Finney arrived in Rochester in late 1830, fittingly using the Erie Canal, both the symbol and engine of Rochester’s commercial growth, as his mode of transportation. His Rochester revival lasted from September 1830 to March 1831, and while he was based in Presbyterian churches, the revival was notable for its ecumenical character. Finney’s preaching attracted Protestants from multiple denominations, and he worked deliberately to affect this. The revival was certainly not confined to residents of Rochester. Numerous individuals from surrounding areas traveled from distances up to one hundred miles to the city to hear Finney preach. When he was not preaching, Finney engaged in private prayer with members of the Rochester community who were seemingly close to conversion, and he relied especially on women and the familial and social networks of which they frequently served as important centers to spread the news of the revival through the establishment of home visits and prayer groups.

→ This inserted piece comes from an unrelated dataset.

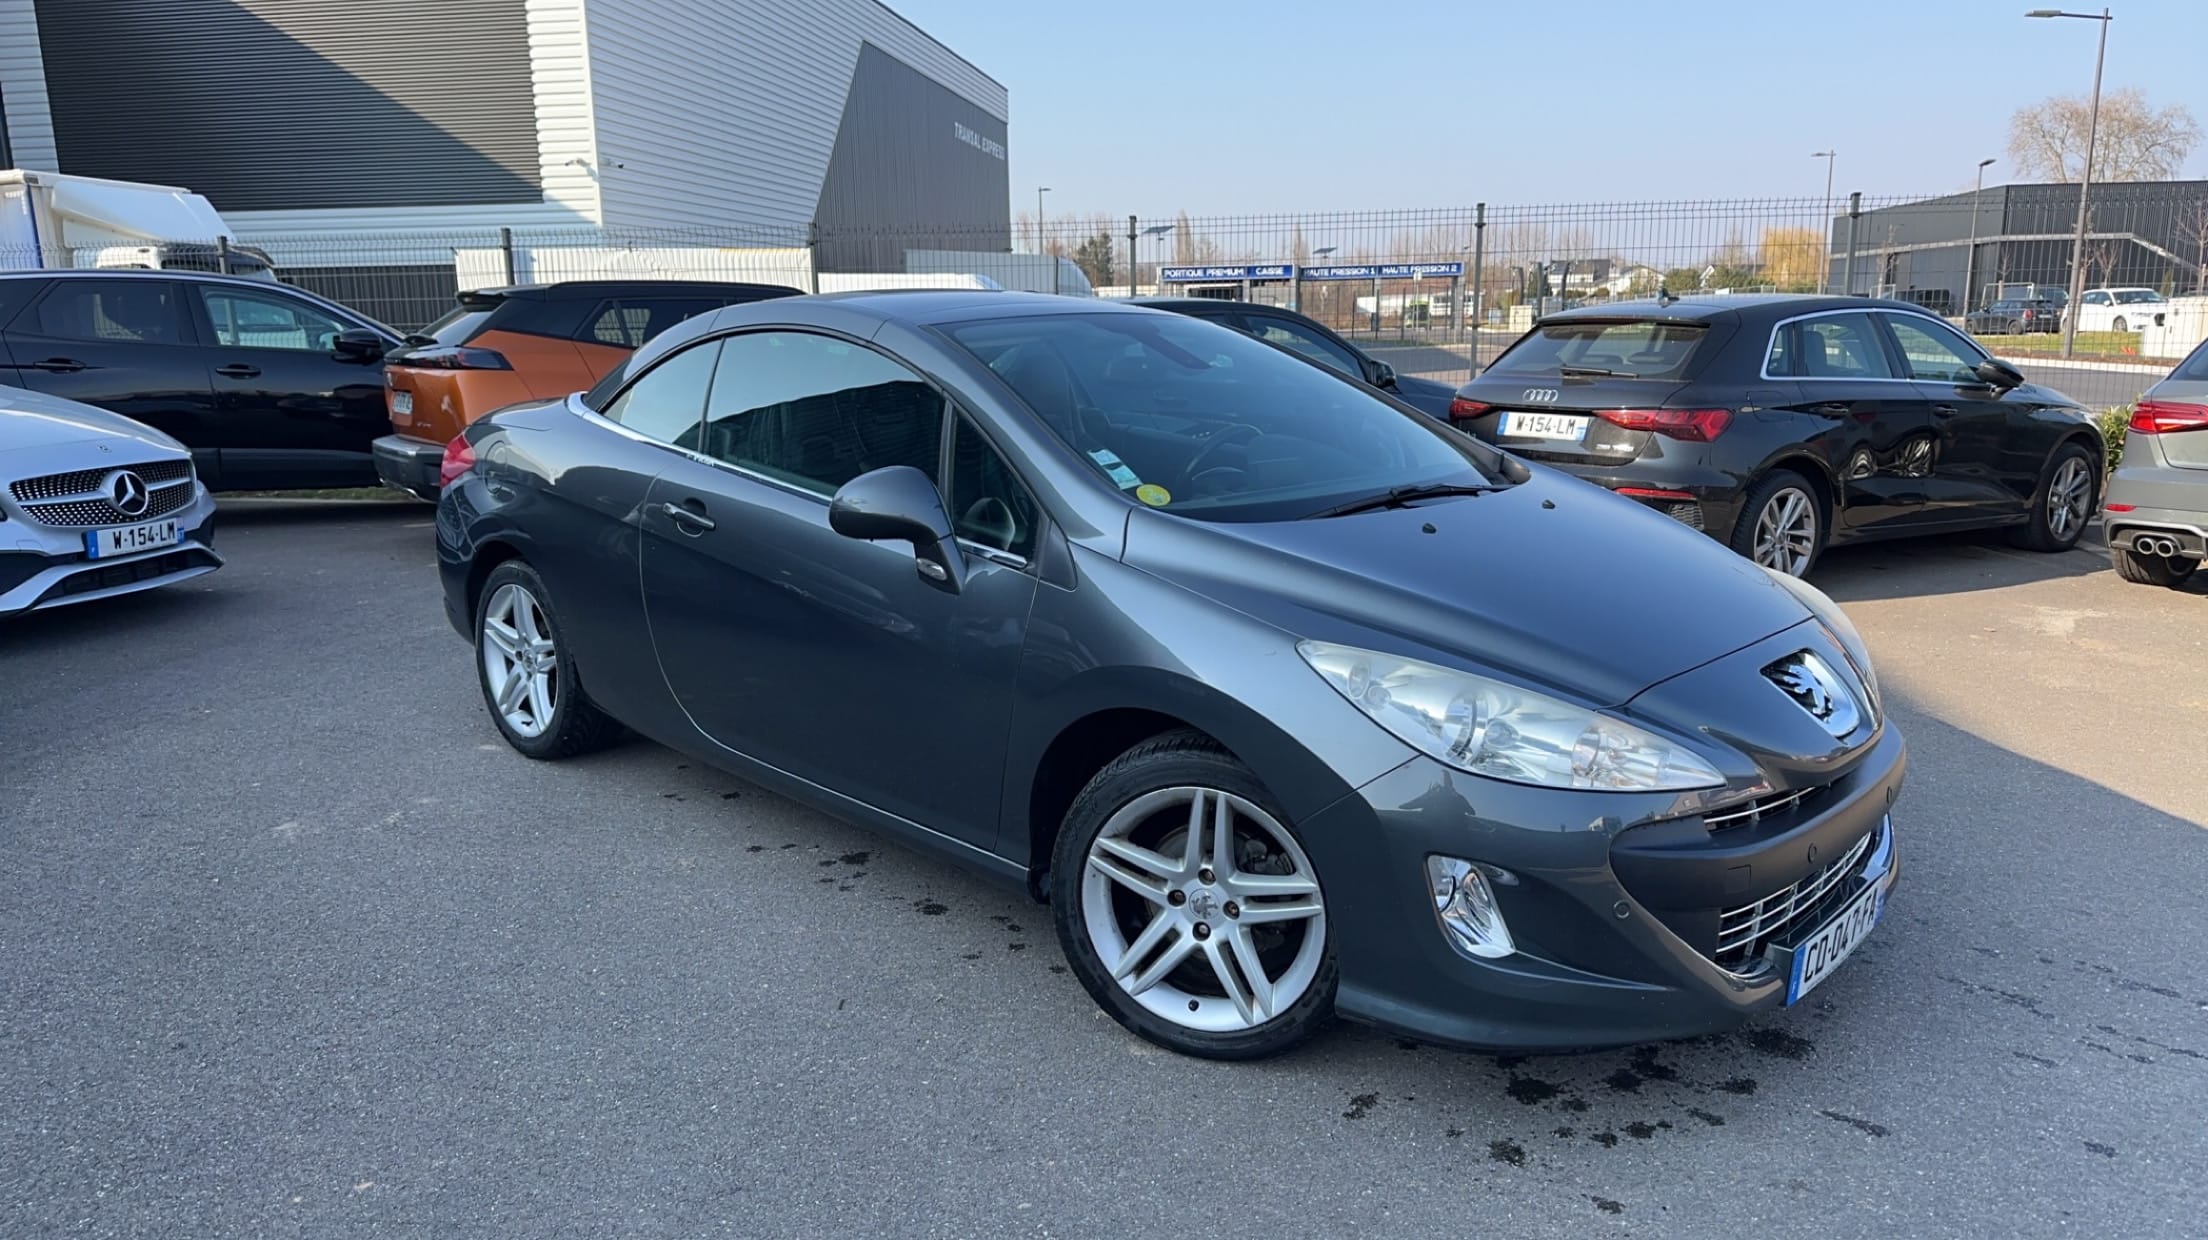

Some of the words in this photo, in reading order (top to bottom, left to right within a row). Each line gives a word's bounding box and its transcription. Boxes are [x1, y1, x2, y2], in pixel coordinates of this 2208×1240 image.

While this diffuse evangelization served as the foundation for community-wide conversions, Finney’s daily preaching and revival services also played a definitive role in attracting new members to various churches. Finney had honed his preaching style almost scientifically after years of study and practice. After scriptural reading and powerful preaching, which prompted fervent feelings in congregations, individuals contemplating conversion – with whom Finney had already conversed in the private meetings that he pursued throughout the week – were made the focal points of the revivals by sitting on “anxious benches” near Finney’s pulpit. These very public conversions, often of leading members of the community, gave added weight to the revival and Finney’s message.

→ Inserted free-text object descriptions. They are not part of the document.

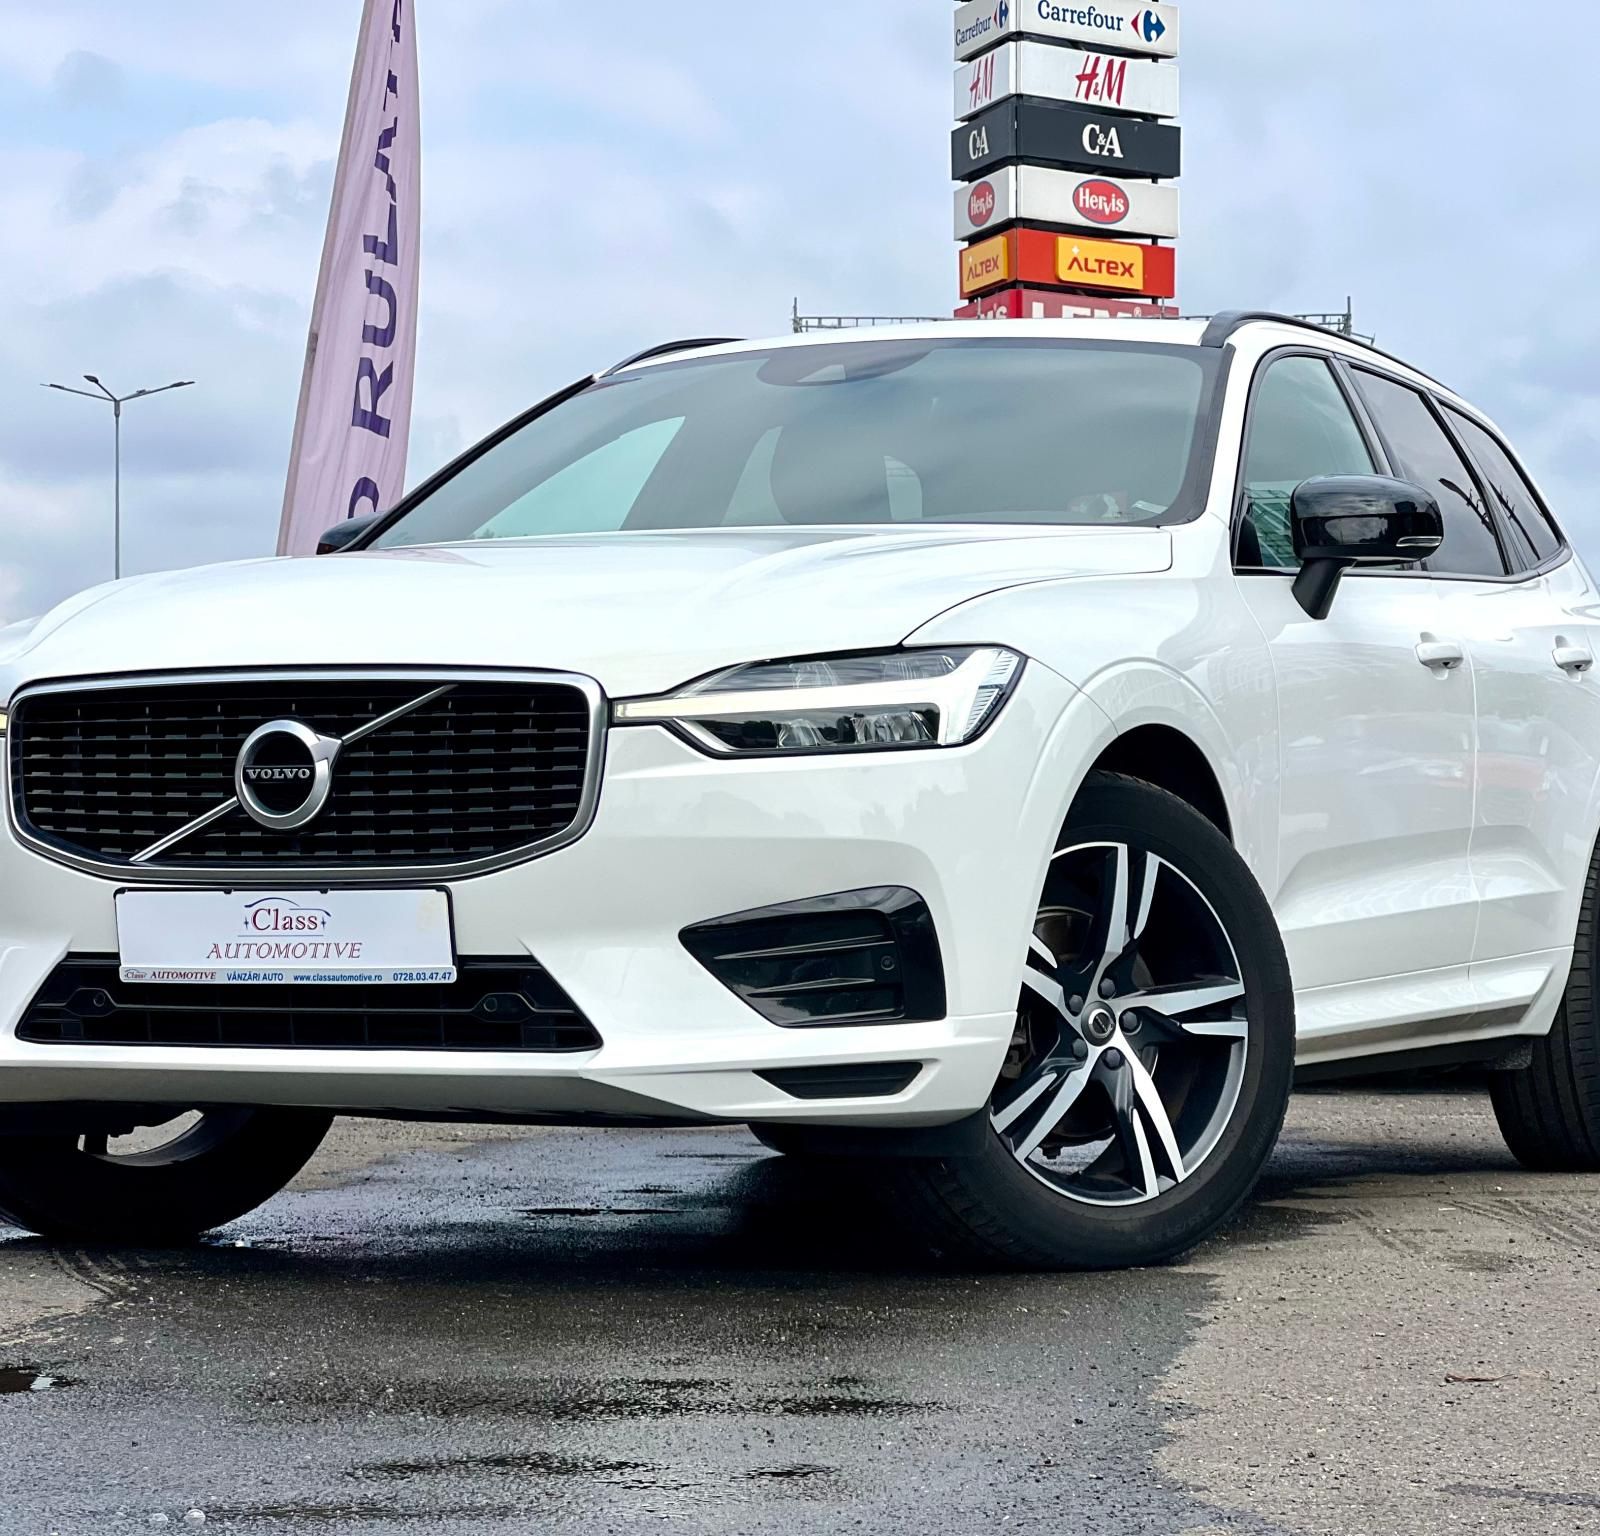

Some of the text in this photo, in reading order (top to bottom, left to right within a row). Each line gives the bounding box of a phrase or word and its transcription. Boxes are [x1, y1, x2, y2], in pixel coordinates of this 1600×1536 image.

[1038, 0, 1123, 31] Carrefour
[955, 17, 991, 46] Carrefour
[969, 51, 994, 108] H&M
[1075, 55, 1127, 106] H&M
[968, 126, 989, 160] C&A
[1082, 123, 1123, 158] C&A
[970, 191, 993, 216] Hervis
[1079, 187, 1125, 215] Hervis
[246, 768, 310, 779] VOLVO
[251, 908, 318, 931] Class
[206, 942, 363, 960] AUTOMOTIVE
[150, 971, 216, 980] AUTOMOTIVE
[262, 973, 284, 981] AUTO
[293, 973, 383, 981] www.classautomotive.ro
[392, 972, 452, 981] 0728.03.47.47

According to historian Paul Johnson, the revival was especially significant for primarily attracting members of Rochester’s emerging middle class, who then used their influence to evangelize the working class. Significantly, Finney’s revival, with its emphasis on perfectionism and free moral choice, led easily to efforts directed toward social reform, especially temperance, which had a marked effect in influencing politics and business in Rochester. Finney had a direct hand in this. Halfway through the revival, he invited noted preacher and temperance activist Theodore Weld to join him in Rochester to organize temperance reform. Beyond Rochester, though, Finney’s revival served as the inspiration for several other revivals that spread across the Northeast and New England during the Second Great Awakening, and Finney’s preaching style served as a blueprint for future revivalists throughout the 19th century and into the 20th century.